In renewables storage, an old technology finds a new home

Since the spring of 2023, more than 7,000 Albertans have gotten their power from a shed north of Medicine Hat.

Inside the grey, steel building are 38 shipping containers stacked on a dirt floor. They hold polyethylene tanks of electrolyte — mostly water — that stores excess power from a nearby 14-megawatt solar farm before feeding it onto the grid.

While lithium-ion dominates the battery market today, the rows of redox flow batteries inside the shed could be part of a storage solution as Canada adds more solar, wind and other renewable energy to electricity grids.

“If you’re looking for a battery that’s going to provide real-time regulation of the grid, 24 hours a day, then ours comes with huge advantages,” said Matt Harper, President of Invinity Energy Systems, the Vancouver-based company that manufactured the flow batteries that form part of the Chappice Lake Solar+Storage Project. 

Technicians build vanadium redox flow batteries. (Photo courtesy Invinity Energy Systems) 

Redox flow batteries are not new. They appeared in scientific journals in the early 1950s and the US space agency NASA built prototypes in the 1970s. But the technology struggled to gain commercial traction.

Decades on, they are getting a second look, as Canada adopts more renewable energy to meet net-zero emissions targets by 2050, and needs to store electricity from intermittent sources such as wind and solar.

Big lithium-ion battery plants get the most attention and investment. But flow advocates argue their technology needs a fraction of the rare earth metals used in lithium batteries and stores energy for longer periods — without the risk of fire.

Big lithium-ion battery plants — such as Ontario’s Oneida project that went online this summer — get the most attention and investment. But flow advocates argue their technology needs a fraction of the rare earth metals used in lithium batteries, have significantly longer lifespans, and come without the risk of fire that has set back lithium storage projects in the US.

As Prime Minister Mark Carney compiles a list of nation-building projects in response to US tariff and sovereignty threats, advocates say flow batteries can provide bulk, grid-scale energy storage for a national electricity grid to drive clean economic growth.

Big and heavy

To be sure, redox flow batteries have very low energy density, storing about one tenth as much power per unit volume as lithium-ion.
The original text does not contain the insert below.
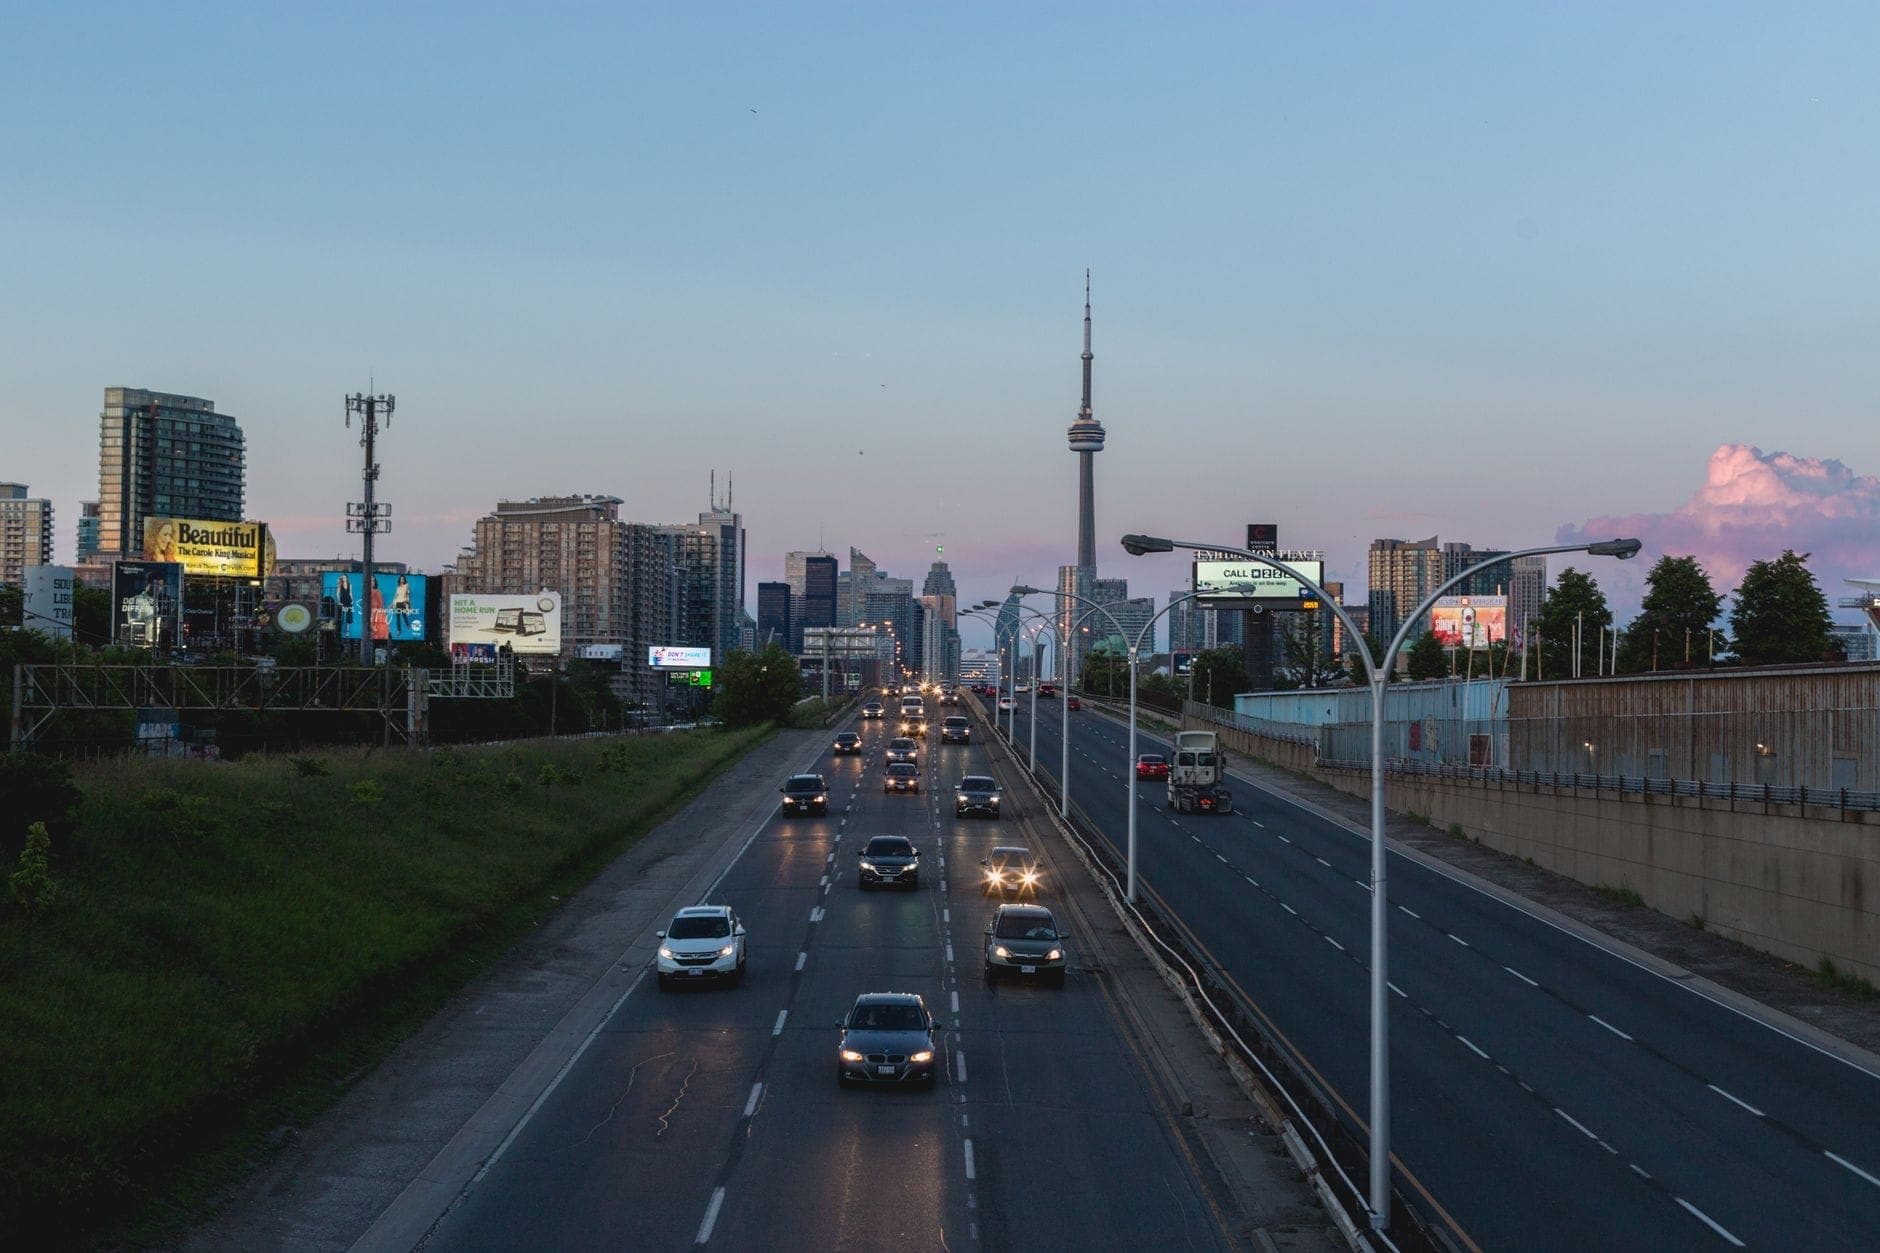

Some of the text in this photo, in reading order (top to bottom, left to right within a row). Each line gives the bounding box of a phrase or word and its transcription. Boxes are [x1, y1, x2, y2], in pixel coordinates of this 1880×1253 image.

They need to be big and heavy to be useful for long duration energy storage (LDES) projects.

Rather than store electricity in solid electrodes — such as lithium-ion batteries that power everything from EVs to laptops — flow batteries use positively and negatively charged liquid electrolytes.
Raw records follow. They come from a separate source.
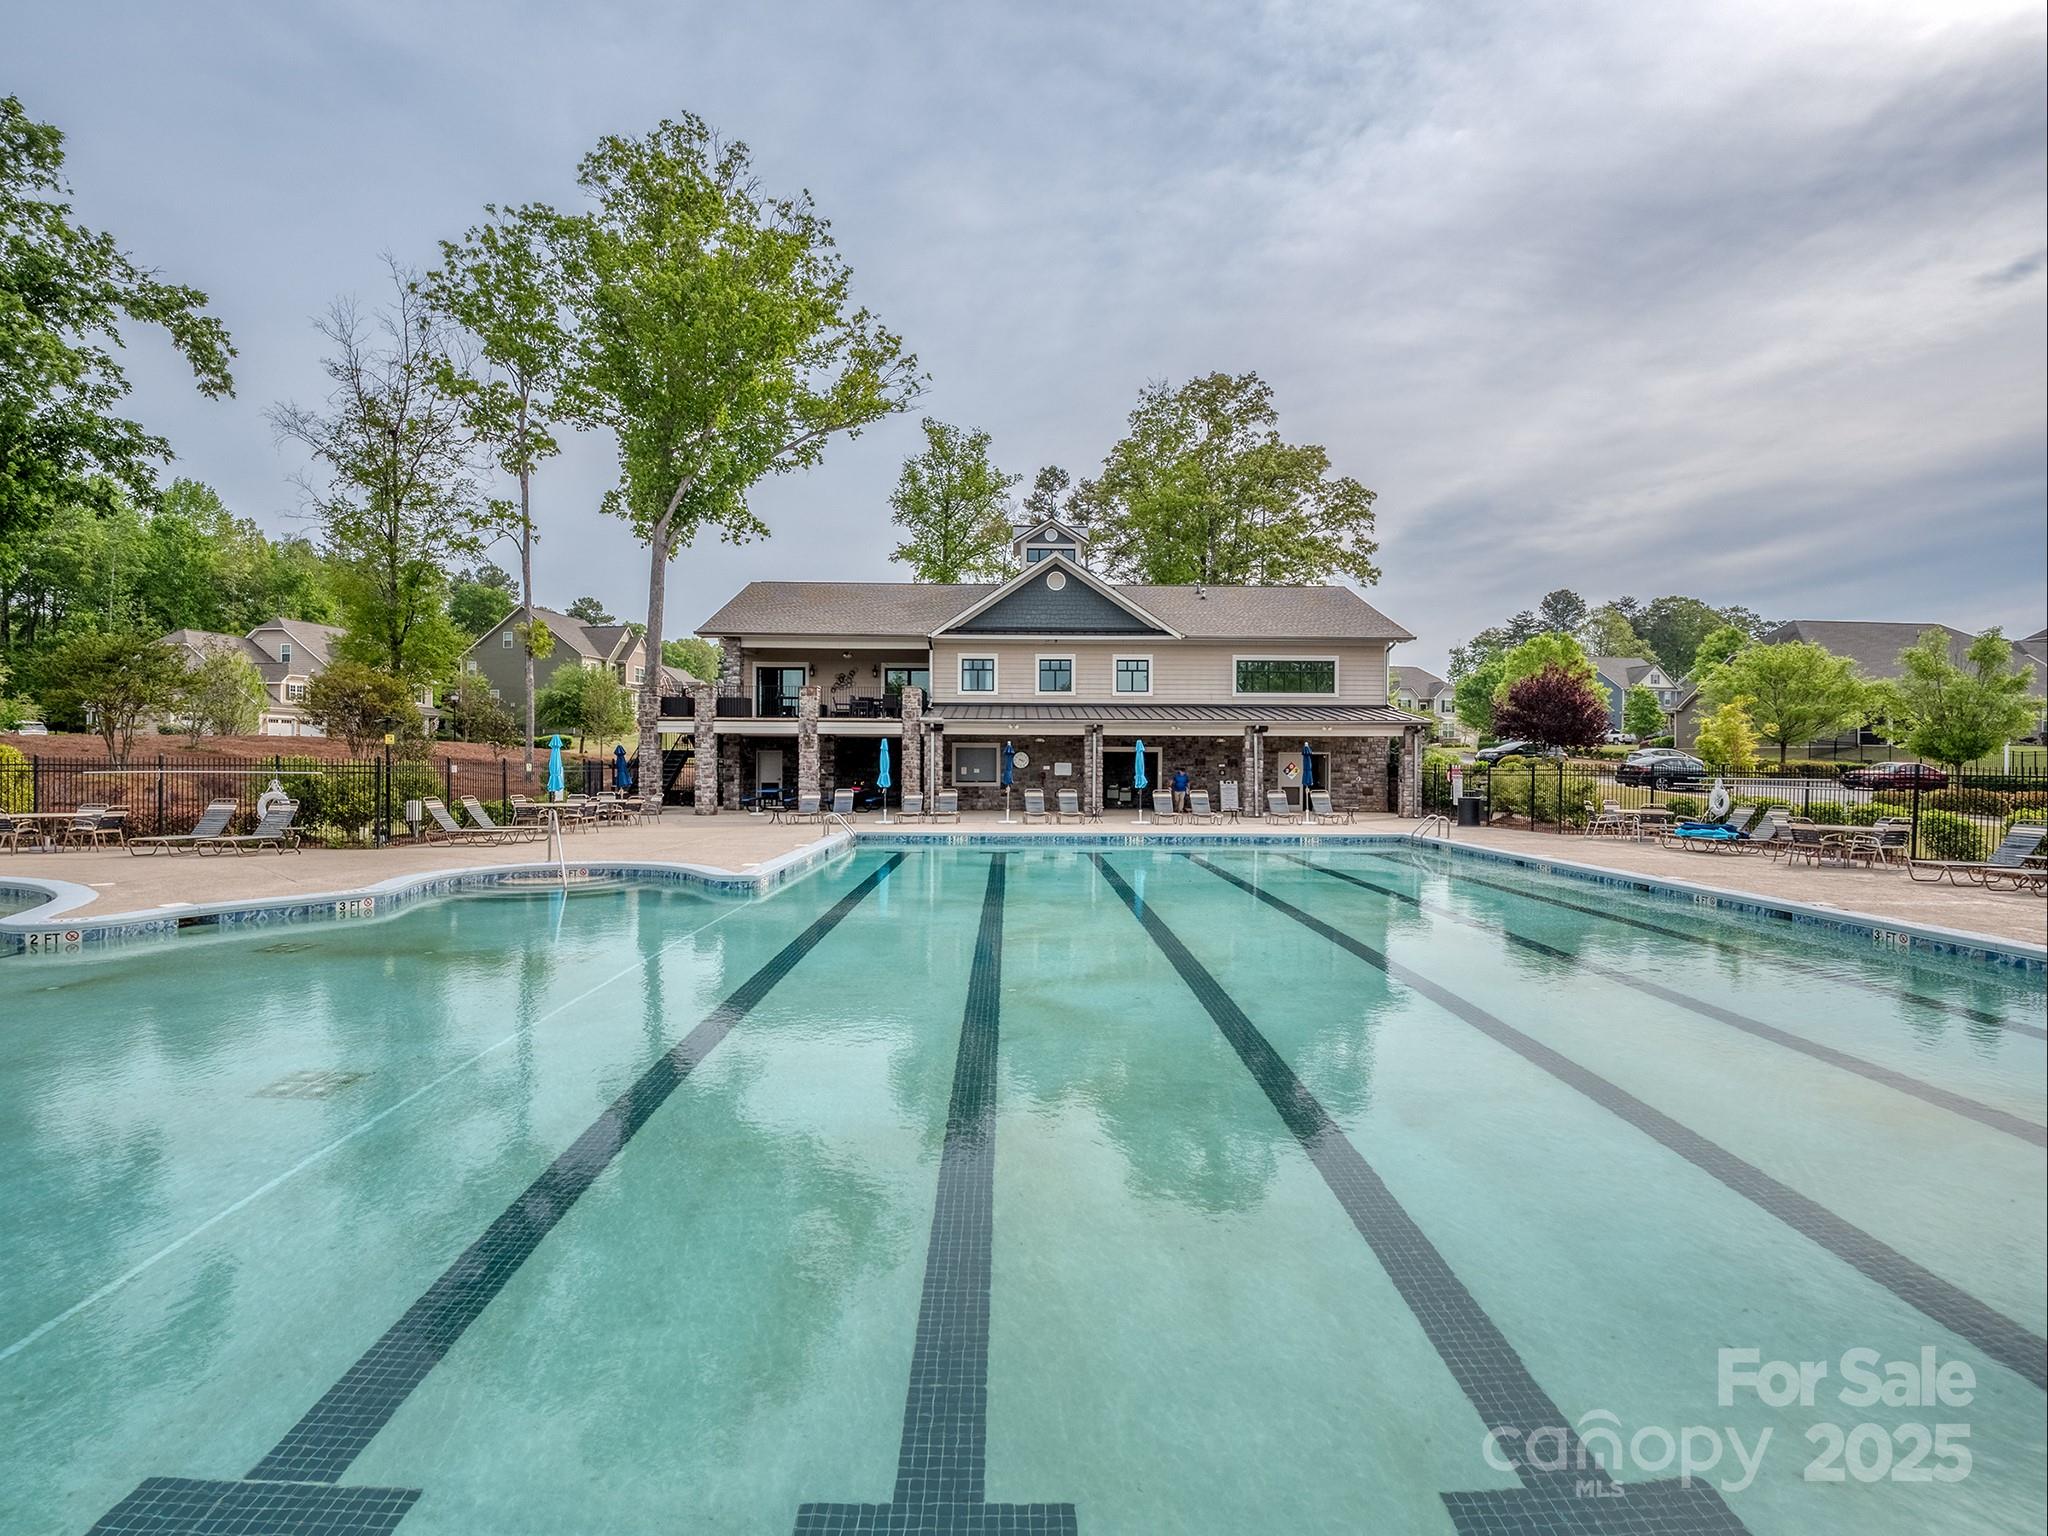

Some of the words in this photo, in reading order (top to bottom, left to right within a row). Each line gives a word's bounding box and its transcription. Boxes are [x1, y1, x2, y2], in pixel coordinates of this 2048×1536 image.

[568, 869, 577, 877] FT
[339, 901, 346, 911] 3
[350, 900, 361, 911] FT
[30, 934, 38, 945] 2
[44, 933, 60, 945] FT
[1886, 931, 1896, 942] FT
These are pumped from separate tanks through “cell stacks”, which look similar to fuel cells, where they exchange ions through a membrane and electrons through copper wire. 

In chemical terms, one electrolyte reduces while the other oxidizes, hence the name “redox.”

There are as many flow batteries as there are electrolytes, provided the pair being used have enough reactivity and voltage between them. 

While these batteries will never run a cell phone or an electric car, they can, and have, worked as bigger storage units.

“There are pros and cons to every chemistry,” said Marc-Antoni Goulet, assistant professor of chemical and materials engineering at Concordia University in Montreal.

“I think there’s room for improvement by maybe a factor or two or three, but is it ever going to be as energy dense as lithium-ion? I don’t think so,” Goulet said. “It’s very unlikely that something floating around in water will ever have the energy density of a solid electrode.”

The first redox flow battery to reach commercial scale was developed by Australian chemical engineer Maria Skyllas-Kazacos in the early 1980s. She used vanadium — a good conductor — in both positive and negative electrolyte, cycling through four separate oxidation states during charge and discharge, two on either side.

This is the technology behind the all-vanadium redox flow battery at Chappice Lake. It can store 8.4 megawatt hours (MWh) of solar power, and is the only vanadium flow battery deployed at scale in Canada.

‘Fundamentally different’

Harper, an engineer by training, began working with flow batteries in 2005 at VRB Energy, the original licensee of the all-vanadium technology in North America, which was sold to Prudent Energy in 2009. 

Matt Harper, President of Invinity Energy Systems, standing in front of the company’s vanadium redox flow battery at the company’s manufacturing facility in Vancouver, BC. Photo by Zack Metcalfe / Canada’s National Observer

Harper started his own firm, Vancouver-based Avalon Battery, in 2013 when “really interesting opportunities” were emerging. 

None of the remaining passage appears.